A partir des années 60, l’émigration a changé de caractère : de temporaire, elle est devenue permanente (11mois/1mois) et de collective elle est devenue individuelle. La main d’œuvre sélectionnée en fonction des besoins des pays d’accueil au cours des deux décennies qui ont suivi la décolonisation a aussi été recrutée en Afrique de l’Ouest où les migrations internationales se sont développées dans un contexte de mobilité généralisée et d’urbanisation rapide. Elles se sont inscrites dans un continuum partant du village vers la ville, de la ville vers la capitale et de la capitale vers l’étranger. L’émigration vers la France s’est faite majoritairement à partir des « pays du fleuve » Sénégal : les Sarakollé de la région de Kayes au Mali ont été les premiers à émigrer vers la France.

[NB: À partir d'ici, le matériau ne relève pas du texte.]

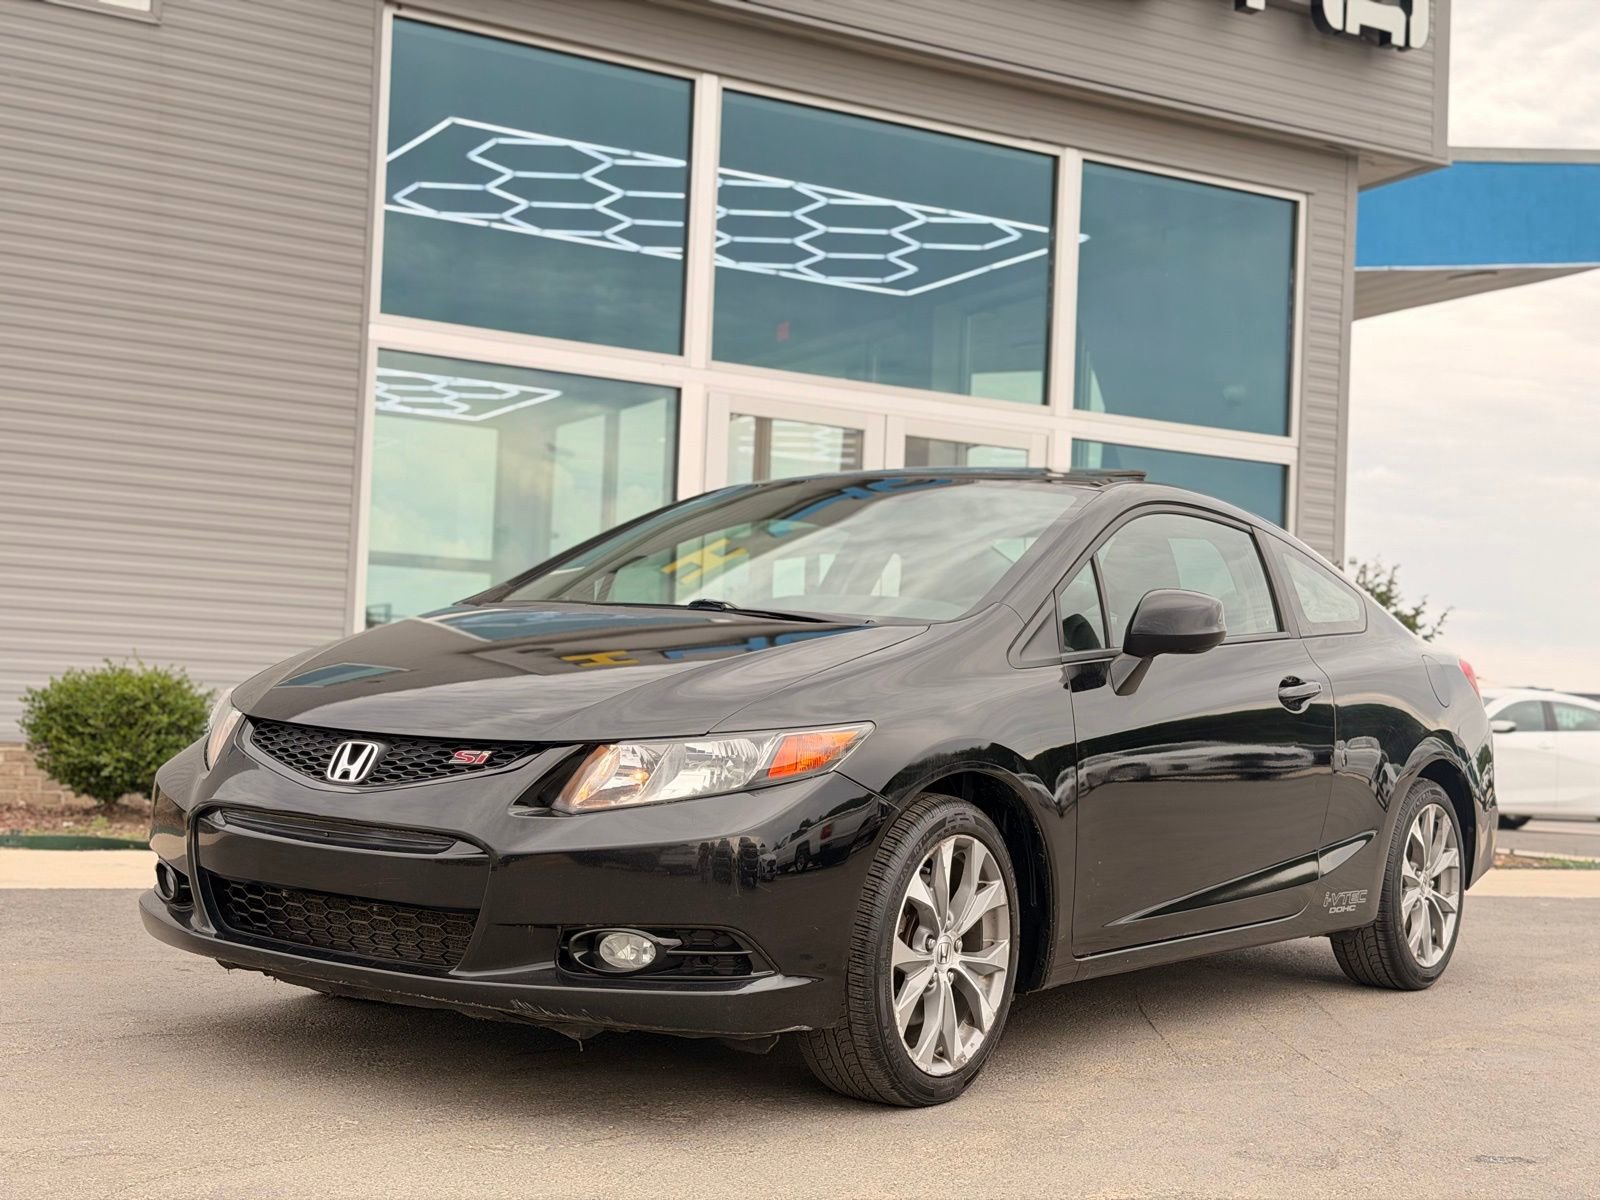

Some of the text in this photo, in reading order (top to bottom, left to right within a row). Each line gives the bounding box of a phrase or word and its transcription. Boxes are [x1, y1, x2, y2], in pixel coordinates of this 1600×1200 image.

[449, 751, 491, 764] Si
[1323, 889, 1368, 907] i-VTEC
[1329, 905, 1356, 913] DOHC

Le choc pétrolier de 1973 a provoqué une crise économique grave, un effondrement des taux de croissance et un chômage important. Cette crise a incité les pays d’Europe du nord à fermer leurs frontières à une main-d’œuvre devenue surabondante. Avec l’apparition du chômage et l’instauration en France de la politique de l’ « Immigration zéro », les autorités encouragent le retour au pays et initient le regroupement familial. A partir de 1974, l’immigration temporaire des travailleurs va céder le pas à une immigration de peuplement, plus féminisée, moins active dans laquelle le regroupement familial joue un rôle central. Lorsqu’il fut lancé, le regroupement familial fut salué comme une avancée sociale majeure mais suscita de nouveaux problèmes dans les pays hôtes, peu préparés à accueillir les familles. On assiste alors à une féminisation progressive de la population active étrangère et à une installation des familles dans un habitat précaire et insalubre. Il y a peu ou pas de prise en compte des problèmes d’adaptation des femmes et des enfants et on ignore les problèmes liés au déracinement et à l’entre-deux

(culture, sociétés, familles)(Bonvicini :1992). L’immigration cesse d’être un phénomène passager et l’intégration de la population devient un enjeu fondamental.

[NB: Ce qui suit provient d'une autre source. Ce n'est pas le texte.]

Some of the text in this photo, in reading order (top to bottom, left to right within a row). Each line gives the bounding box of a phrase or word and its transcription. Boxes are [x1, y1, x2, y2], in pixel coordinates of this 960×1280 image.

Les vagues migratoires successives ont donc été initiées par des relances économiques et interrompues par des récessions. La fin de la période des trente glorieuses (1945-1975) marque la fin de la politique dite de la noria et des « besoins » en main d’œuvre d’une Europe en crise. Elle est le début de la politique de l’ « immigration zéro » et de l’imposition progressive de contrôle aux frontières de l’Europe par l’établissement de VISAS ce qui va favoriser le développement de l’immigration irrégulière et de la clandestinité, des filières et de la traite des êtres humains.